Ginkgo leaves and the extracts obtained from them are therefore indicated for improving circulation in the central and peripheral nervous system, thanks to their vasodilating, antioxidant and fludifying properties. Traditionally, ginkgo is used to relieve heaviness in the lower limbs and the sensation of cold hands and feet associated with minor blood circulation disorders. Ginkgo is mainly used for its neuroprotective effects in the treatment of symptoms related to mild cognitive impairment and neurodegenerative diseases, including early stage Alzheimer's. The benefits of ginkgo mainly concern memory loss, headache and dizziness.

How to use it and contraindications

Ginkgo biloba is mainly used in the form of dry or liquid extract titrated in its main compounds. These extracts are administered orally, at a dosage of 120-240 milligrams, usually divided into two doses for at least eight weeks.

Ginkgo preparations are indicated for the treatment of mild blood circulation disorders, which can lead to heaviness of the legs, swelling of the ankles, capillary fragility and cold hands and feet.
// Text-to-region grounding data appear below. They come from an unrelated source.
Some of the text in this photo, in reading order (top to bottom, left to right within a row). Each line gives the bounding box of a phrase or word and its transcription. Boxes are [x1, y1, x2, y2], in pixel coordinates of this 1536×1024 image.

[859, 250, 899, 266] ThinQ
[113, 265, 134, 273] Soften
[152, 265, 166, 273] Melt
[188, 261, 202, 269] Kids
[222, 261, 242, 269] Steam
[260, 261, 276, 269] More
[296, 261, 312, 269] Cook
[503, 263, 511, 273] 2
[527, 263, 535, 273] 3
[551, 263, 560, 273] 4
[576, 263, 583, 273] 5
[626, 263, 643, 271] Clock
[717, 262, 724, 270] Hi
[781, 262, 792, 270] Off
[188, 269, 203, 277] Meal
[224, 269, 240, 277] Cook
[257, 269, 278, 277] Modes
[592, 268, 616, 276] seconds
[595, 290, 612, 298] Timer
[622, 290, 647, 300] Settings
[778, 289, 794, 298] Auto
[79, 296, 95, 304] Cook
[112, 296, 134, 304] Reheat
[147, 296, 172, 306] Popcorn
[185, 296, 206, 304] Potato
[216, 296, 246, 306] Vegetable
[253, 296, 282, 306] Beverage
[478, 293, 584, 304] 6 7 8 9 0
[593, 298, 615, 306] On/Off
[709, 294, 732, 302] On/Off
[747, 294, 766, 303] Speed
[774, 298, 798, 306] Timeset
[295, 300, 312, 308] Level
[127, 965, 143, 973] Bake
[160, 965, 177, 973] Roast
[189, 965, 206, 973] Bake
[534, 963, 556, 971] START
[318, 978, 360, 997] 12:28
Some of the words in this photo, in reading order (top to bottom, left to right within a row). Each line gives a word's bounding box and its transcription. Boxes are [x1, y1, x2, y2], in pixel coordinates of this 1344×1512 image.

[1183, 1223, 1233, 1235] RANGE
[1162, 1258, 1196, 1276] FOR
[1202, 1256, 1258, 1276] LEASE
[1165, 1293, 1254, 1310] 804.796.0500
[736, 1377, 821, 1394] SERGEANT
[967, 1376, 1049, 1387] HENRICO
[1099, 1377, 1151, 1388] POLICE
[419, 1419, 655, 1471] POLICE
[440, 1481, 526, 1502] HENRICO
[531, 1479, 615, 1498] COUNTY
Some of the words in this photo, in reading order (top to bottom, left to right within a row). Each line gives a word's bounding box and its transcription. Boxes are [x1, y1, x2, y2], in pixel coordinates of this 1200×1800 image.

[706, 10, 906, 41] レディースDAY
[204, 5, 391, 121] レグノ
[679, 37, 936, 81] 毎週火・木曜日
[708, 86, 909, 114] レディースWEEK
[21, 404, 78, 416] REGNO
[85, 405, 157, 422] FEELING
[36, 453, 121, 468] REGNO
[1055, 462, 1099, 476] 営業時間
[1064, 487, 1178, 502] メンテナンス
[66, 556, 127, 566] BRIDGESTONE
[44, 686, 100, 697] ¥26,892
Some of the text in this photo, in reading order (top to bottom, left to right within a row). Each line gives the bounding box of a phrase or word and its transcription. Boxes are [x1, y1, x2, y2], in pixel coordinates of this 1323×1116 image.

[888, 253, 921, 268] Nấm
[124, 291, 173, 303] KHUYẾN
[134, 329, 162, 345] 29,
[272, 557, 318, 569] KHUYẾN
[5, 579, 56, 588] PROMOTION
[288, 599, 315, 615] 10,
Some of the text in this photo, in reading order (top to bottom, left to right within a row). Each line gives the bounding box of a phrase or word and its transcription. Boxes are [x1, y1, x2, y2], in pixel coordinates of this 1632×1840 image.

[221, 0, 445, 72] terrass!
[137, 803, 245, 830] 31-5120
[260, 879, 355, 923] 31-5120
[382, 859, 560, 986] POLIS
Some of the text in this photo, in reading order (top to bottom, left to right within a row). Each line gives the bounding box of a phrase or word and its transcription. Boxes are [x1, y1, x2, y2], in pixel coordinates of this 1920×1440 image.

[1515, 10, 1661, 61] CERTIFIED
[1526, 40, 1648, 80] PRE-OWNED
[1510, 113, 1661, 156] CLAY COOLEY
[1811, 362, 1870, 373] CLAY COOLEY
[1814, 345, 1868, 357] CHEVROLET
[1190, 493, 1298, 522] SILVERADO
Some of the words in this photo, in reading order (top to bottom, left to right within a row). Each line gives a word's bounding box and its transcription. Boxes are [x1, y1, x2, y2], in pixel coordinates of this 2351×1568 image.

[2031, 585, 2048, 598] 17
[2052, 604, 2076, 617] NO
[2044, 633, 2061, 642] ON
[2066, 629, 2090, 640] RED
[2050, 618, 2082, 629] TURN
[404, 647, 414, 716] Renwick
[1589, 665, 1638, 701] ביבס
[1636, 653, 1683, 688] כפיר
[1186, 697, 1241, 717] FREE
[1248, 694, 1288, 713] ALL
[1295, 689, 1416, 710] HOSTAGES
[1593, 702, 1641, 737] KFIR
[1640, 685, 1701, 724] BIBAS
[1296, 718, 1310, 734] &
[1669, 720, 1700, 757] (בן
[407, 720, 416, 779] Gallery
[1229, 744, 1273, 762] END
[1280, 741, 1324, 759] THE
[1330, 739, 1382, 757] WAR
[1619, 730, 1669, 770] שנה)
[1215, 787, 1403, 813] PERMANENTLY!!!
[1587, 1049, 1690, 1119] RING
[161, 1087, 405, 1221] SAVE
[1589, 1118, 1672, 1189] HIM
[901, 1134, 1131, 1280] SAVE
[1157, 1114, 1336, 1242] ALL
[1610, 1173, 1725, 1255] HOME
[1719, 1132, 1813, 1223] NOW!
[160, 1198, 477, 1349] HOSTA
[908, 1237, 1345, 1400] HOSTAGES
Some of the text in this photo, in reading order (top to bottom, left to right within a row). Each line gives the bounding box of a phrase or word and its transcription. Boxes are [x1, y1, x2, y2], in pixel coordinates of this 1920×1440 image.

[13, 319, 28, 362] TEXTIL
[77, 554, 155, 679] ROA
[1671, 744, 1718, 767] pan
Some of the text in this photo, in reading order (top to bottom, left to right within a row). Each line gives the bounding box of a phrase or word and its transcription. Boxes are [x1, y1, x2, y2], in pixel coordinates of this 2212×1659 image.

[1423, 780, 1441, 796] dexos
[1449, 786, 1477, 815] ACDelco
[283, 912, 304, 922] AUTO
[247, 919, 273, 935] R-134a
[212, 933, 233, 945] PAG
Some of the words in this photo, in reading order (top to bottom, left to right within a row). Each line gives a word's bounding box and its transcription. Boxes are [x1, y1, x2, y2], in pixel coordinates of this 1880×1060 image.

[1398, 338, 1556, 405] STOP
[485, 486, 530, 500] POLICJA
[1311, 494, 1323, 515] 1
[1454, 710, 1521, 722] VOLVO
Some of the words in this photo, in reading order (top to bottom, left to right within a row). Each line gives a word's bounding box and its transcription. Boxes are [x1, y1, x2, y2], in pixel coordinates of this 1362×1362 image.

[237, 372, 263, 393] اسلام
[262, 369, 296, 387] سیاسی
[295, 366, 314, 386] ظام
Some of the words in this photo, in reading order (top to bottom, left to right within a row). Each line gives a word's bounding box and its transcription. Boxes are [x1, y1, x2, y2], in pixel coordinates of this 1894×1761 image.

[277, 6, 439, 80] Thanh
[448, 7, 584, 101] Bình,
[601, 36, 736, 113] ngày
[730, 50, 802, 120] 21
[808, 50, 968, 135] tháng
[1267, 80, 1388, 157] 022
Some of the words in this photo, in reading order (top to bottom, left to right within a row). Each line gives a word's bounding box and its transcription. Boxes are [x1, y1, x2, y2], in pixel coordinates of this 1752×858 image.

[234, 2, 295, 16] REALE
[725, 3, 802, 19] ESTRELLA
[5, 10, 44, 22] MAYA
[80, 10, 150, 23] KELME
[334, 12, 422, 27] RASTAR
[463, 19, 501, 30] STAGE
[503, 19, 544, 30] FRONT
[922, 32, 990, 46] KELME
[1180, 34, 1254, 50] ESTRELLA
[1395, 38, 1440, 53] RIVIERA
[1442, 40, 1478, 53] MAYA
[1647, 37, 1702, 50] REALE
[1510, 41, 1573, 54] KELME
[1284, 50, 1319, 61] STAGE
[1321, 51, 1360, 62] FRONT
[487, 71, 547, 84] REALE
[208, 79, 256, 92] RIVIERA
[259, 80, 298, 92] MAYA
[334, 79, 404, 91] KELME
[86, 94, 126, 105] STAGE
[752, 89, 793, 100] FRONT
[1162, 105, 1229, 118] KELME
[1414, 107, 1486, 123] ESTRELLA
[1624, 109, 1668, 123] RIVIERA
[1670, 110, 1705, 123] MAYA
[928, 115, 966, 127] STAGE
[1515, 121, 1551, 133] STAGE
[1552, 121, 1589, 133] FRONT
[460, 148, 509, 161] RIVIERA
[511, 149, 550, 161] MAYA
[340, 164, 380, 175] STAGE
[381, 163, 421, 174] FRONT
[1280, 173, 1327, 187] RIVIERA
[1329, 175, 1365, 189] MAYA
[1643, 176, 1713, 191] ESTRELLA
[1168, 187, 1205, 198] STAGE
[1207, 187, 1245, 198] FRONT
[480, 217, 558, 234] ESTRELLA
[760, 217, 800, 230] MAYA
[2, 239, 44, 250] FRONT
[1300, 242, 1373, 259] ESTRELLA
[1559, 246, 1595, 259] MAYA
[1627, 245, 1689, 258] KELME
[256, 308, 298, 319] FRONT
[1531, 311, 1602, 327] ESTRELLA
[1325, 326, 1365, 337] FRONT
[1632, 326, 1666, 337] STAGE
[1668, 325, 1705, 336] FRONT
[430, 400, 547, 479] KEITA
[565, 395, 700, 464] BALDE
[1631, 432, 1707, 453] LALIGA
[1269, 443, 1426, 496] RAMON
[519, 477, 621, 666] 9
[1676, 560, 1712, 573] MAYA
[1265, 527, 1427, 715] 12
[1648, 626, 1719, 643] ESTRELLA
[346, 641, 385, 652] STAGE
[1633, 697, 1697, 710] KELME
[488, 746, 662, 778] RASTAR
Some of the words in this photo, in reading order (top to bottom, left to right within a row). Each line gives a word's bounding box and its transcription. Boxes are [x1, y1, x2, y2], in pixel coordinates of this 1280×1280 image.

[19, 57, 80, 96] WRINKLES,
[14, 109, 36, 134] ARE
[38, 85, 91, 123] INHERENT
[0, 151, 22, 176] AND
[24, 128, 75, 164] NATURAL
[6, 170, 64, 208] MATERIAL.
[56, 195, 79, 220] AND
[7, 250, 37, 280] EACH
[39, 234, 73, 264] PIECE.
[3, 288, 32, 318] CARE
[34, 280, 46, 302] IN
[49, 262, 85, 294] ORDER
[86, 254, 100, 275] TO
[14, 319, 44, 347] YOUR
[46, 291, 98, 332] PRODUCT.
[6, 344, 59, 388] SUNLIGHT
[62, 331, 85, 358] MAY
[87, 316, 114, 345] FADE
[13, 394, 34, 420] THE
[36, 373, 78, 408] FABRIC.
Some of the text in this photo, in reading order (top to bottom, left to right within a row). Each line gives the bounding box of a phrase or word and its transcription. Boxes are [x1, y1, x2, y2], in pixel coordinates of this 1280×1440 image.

Ginkgo is also recommended for treating tinnitus, a phenomenon that leads to the perception of an annoying continuous ringing in the ear. Another important indication of ginkgo concerns the improvement of cognitive functions in the elderly. If after taking ginkgo preparations for a few weeks, there is no benefit, it is good to consult your doctor.

The main side effects of ginkgo include headache, dizziness, gastrointestinal disturbances such as diarrhea, vomiting and abdominal pain, hypersensitivity reactions and bleeding.
In case of undesirable effects attributable to the intake of ginkgo, it is recommended to discontinue use and inform the doctor.

The intake of ginkgo is contraindicated in case of hypersensitivity to its components, during pregnancy and during breastfeeding.

Since Ginkgo biloba has numerous interactions with drugs, it is important to report any ongoing therapies to the doctor, herbalist or pharmacist; for example, the use of ginko is not recommended if you are taking anticoagulants, antiplatelets, warfarin.